▶ Dataset entries:
++++
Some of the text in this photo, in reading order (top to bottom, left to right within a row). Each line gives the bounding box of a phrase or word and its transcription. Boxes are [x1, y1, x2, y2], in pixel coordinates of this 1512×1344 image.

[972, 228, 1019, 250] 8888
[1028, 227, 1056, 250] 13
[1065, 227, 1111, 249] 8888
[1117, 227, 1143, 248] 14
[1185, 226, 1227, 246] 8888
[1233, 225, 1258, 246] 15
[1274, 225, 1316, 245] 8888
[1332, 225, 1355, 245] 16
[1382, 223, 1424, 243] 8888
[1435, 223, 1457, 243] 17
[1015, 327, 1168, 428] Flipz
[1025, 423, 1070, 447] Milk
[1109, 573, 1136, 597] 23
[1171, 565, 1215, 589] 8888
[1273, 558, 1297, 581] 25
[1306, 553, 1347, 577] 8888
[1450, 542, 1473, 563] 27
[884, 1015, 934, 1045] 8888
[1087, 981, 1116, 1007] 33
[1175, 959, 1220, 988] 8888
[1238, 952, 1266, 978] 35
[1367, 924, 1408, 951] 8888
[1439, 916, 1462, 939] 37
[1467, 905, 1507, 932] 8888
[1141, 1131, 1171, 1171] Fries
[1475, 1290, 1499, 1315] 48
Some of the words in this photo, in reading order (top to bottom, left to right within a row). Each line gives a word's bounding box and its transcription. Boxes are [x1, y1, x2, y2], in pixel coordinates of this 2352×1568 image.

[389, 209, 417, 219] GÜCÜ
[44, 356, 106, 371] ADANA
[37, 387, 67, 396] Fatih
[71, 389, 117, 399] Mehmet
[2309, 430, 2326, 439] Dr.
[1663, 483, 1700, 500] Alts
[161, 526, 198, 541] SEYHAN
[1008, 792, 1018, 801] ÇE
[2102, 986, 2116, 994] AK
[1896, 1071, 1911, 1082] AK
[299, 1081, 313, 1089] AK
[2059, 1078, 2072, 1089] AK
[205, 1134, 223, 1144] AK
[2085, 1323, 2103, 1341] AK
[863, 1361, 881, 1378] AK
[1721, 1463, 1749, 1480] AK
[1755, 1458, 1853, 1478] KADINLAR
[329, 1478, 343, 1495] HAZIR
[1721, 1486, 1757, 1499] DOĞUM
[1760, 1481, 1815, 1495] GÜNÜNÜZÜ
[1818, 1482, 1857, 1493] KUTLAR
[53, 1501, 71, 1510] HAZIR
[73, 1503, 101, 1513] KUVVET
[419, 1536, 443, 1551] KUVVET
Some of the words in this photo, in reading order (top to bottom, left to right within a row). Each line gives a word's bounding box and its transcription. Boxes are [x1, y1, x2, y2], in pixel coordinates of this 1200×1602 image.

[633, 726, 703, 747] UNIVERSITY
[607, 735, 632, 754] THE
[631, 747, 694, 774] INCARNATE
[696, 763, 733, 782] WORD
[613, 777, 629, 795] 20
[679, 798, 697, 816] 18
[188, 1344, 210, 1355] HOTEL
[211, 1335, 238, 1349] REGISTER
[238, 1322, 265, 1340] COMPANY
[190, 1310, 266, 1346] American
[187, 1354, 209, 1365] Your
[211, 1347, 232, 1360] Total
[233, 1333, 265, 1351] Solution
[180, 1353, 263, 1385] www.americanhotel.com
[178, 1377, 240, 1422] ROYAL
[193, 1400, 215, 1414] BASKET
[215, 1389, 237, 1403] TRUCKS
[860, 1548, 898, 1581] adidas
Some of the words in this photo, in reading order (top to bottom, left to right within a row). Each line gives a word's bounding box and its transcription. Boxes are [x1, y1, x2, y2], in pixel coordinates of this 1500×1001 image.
++++
▶ What the exercise asks: Give the records again, unchanged and complete.

▶ Answer to the problem:
Some of the text in this photo, in reading order (top to bottom, left to right within a row). Each line gives the bounding box of a phrase or word and its transcription. Boxes are [x1, y1, x2, y2], in pixel coordinates of this 1512×1344 image.

[972, 228, 1019, 250] 8888
[1028, 227, 1056, 250] 13
[1065, 227, 1111, 249] 8888
[1117, 227, 1143, 248] 14
[1185, 226, 1227, 246] 8888
[1233, 225, 1258, 246] 15
[1274, 225, 1316, 245] 8888
[1332, 225, 1355, 245] 16
[1382, 223, 1424, 243] 8888
[1435, 223, 1457, 243] 17
[1015, 327, 1168, 428] Flipz
[1025, 423, 1070, 447] Milk
[1109, 573, 1136, 597] 23
[1171, 565, 1215, 589] 8888
[1273, 558, 1297, 581] 25
[1306, 553, 1347, 577] 8888
[1450, 542, 1473, 563] 27
[884, 1015, 934, 1045] 8888
[1087, 981, 1116, 1007] 33
[1175, 959, 1220, 988] 8888
[1238, 952, 1266, 978] 35
[1367, 924, 1408, 951] 8888
[1439, 916, 1462, 939] 37
[1467, 905, 1507, 932] 8888
[1141, 1131, 1171, 1171] Fries
[1475, 1290, 1499, 1315] 48
Some of the words in this photo, in reading order (top to bottom, left to right within a row). Each line gives a word's bounding box and its transcription. Boxes are [x1, y1, x2, y2], in pixel coordinates of this 2352×1568 image.

[389, 209, 417, 219] GÜCÜ
[44, 356, 106, 371] ADANA
[37, 387, 67, 396] Fatih
[71, 389, 117, 399] Mehmet
[2309, 430, 2326, 439] Dr.
[1663, 483, 1700, 500] Alts
[161, 526, 198, 541] SEYHAN
[1008, 792, 1018, 801] ÇE
[2102, 986, 2116, 994] AK
[1896, 1071, 1911, 1082] AK
[299, 1081, 313, 1089] AK
[2059, 1078, 2072, 1089] AK
[205, 1134, 223, 1144] AK
[2085, 1323, 2103, 1341] AK
[863, 1361, 881, 1378] AK
[1721, 1463, 1749, 1480] AK
[1755, 1458, 1853, 1478] KADINLAR
[329, 1478, 343, 1495] HAZIR
[1721, 1486, 1757, 1499] DOĞUM
[1760, 1481, 1815, 1495] GÜNÜNÜZÜ
[1818, 1482, 1857, 1493] KUTLAR
[53, 1501, 71, 1510] HAZIR
[73, 1503, 101, 1513] KUVVET
[419, 1536, 443, 1551] KUVVET
Some of the words in this photo, in reading order (top to bottom, left to right within a row). Each line gives a word's bounding box and its transcription. Boxes are [x1, y1, x2, y2], in pixel coordinates of this 1200×1602 image.

[633, 726, 703, 747] UNIVERSITY
[607, 735, 632, 754] THE
[631, 747, 694, 774] INCARNATE
[696, 763, 733, 782] WORD
[613, 777, 629, 795] 20
[679, 798, 697, 816] 18
[188, 1344, 210, 1355] HOTEL
[211, 1335, 238, 1349] REGISTER
[238, 1322, 265, 1340] COMPANY
[190, 1310, 266, 1346] American
[187, 1354, 209, 1365] Your
[211, 1347, 232, 1360] Total
[233, 1333, 265, 1351] Solution
[180, 1353, 263, 1385] www.americanhotel.com
[178, 1377, 240, 1422] ROYAL
[193, 1400, 215, 1414] BASKET
[215, 1389, 237, 1403] TRUCKS
[860, 1548, 898, 1581] adidas
Some of the words in this photo, in reading order (top to bottom, left to right within a row). Each line gives a word's bounding box and its transcription. Boxes are [x1, y1, x2, y2], in pixel coordinates of this 1500×1001 image.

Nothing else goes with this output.